La Commissione dei giusti: un’identità difficile

Il giudice del bene

«Ci spieghi perché vorrebbe fare il giudice.» Moshe Bejski si trovava davanti alla commissione statale che esaminava le domande per entrare in magistratura.
Vedeva dietro il tavolo le facce curiose di otto persone che lo scrutavano come se fosse uno studente liceale nel giorno dell’esame di maturità.
Si sentiva pronto a rispondere alle domande più disparate attorno ai problemi della giustizia nel suo paese. Aveva in mente tutti gli argomenti di discussione che potevano presentarsi in un’occasione simile.
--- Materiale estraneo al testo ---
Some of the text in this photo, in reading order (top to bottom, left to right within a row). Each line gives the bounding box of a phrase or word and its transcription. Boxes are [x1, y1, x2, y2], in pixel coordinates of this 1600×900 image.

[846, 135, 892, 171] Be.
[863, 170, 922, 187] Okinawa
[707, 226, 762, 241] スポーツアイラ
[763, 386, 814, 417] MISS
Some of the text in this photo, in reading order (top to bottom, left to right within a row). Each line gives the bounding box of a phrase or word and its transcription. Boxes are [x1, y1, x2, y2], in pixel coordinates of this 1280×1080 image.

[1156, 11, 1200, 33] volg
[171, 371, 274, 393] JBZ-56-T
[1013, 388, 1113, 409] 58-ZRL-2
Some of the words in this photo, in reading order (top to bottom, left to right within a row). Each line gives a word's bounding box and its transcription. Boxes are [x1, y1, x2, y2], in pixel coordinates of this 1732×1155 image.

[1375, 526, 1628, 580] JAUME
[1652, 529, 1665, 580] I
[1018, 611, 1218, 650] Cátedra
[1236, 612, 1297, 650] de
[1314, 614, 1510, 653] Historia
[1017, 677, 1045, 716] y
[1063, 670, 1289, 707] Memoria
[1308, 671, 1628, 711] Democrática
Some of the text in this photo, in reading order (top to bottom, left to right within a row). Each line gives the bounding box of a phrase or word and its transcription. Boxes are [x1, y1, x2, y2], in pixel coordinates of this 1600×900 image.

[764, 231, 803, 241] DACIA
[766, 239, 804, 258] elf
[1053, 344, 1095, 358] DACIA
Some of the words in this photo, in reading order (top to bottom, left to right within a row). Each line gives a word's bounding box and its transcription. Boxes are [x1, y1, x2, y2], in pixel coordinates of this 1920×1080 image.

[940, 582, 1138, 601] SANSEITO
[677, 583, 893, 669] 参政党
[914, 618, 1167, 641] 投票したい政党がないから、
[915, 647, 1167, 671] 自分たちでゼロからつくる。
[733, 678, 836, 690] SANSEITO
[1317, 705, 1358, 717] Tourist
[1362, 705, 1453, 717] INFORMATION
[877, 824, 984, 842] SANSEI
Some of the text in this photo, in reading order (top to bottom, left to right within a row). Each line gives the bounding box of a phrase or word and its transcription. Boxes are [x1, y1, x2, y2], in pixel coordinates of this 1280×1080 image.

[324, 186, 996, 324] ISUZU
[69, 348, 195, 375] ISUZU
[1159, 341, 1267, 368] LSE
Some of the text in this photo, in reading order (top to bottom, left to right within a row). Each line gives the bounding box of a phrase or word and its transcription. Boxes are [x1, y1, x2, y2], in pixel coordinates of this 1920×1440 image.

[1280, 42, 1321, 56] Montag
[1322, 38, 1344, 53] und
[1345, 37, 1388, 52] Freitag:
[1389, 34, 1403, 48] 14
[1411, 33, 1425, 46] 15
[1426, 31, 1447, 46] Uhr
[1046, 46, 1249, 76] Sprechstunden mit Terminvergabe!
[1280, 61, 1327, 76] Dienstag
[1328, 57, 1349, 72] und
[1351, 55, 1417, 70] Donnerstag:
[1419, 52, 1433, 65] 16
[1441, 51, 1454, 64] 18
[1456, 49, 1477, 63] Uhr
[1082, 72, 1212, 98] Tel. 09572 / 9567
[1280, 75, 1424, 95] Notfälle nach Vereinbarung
Non si aspettava però quella domanda, che gli sembrò un’intrusione nel suo mondo privato.
Ci pensò un attimo e, come per liberarsi di un lungo travaglio, diede una risposta secca e brevissima al ministro della Giustizia che presiedeva la commissione: «Lo faccio perché è un mio dovere. Le ripeto, è un mio dovere».
In quel momento stava per lasciare una professione che garantiva un tenore di vita inimmaginabile per il ragazzo di Dzialoszyce. Aveva la prospettiva di grandi guadagni con gli altri giovani dello studio legale, ormai inseriti fra i professionisti più ricchi e affermati di Tel Aviv. Sceglieva invece un lavoro di poca gloria, che gli avrebbe dato, in quei tempi pionieristici dello Stato ebraico, lo stesso stipendio di un insegnante di liceo.
«Non ho mai avuto in tutti questi anni alcun rimpianto per quella scelta. Già mi sembrava un miracolo poter continuare a vivere, nonostante la cardiopatia che mi portavo fin dall’infanzia.»
Bejski dava forza e adrenalina al suo fragile cuore con la passione per la resurrezione della giustizia, che aveva visto morire quando era ragazzo.
Era attratto dall’idea di ascoltare, di ragionare, di porsi tante domande sui comportamenti degli uomini finiti in tribunale, ma anche di assumersi la responsabilità della decisione al momento della sentenza.
C’era soltanto un compito che non avrebbe mai accettato di svolgere, che considerava una discriminante fondamentale dopo la sua esperienza in Polonia.
«Mi sarei rifiutato di lavorare per qualsiasi tribunale che considerasse legittima la condanna a morte. Dopo avere visto migliaia di uomini scomparire per la sola colpa di essere ebrei, sono arrivato a una conclusione irrevocabile. Nessun uomo ha il diritto di togliere la vita a un altro essere umano, neanche il tribunale del paese più civile e democratico del mondo nei confronti del peggiore criminale.»
L’aveva capito a Plaszow di fronte agli occhi di ghiaccio di Amon Goeth.
Moshe avvertì la stessa sensazione di doversi assumere personalmente una responsabilità, il giorno in cui accettò la direzione della Commissione dei giusti. Era stato proprio Moshe Landau a proporre alla commissione, il 6 ottobre 1970, di nominarlo al suo posto come presidente, nonostante le divergenze, le incomprensioni, le diversità di carattere con quell’uomo che gli sembrava troppo mite e accomodante.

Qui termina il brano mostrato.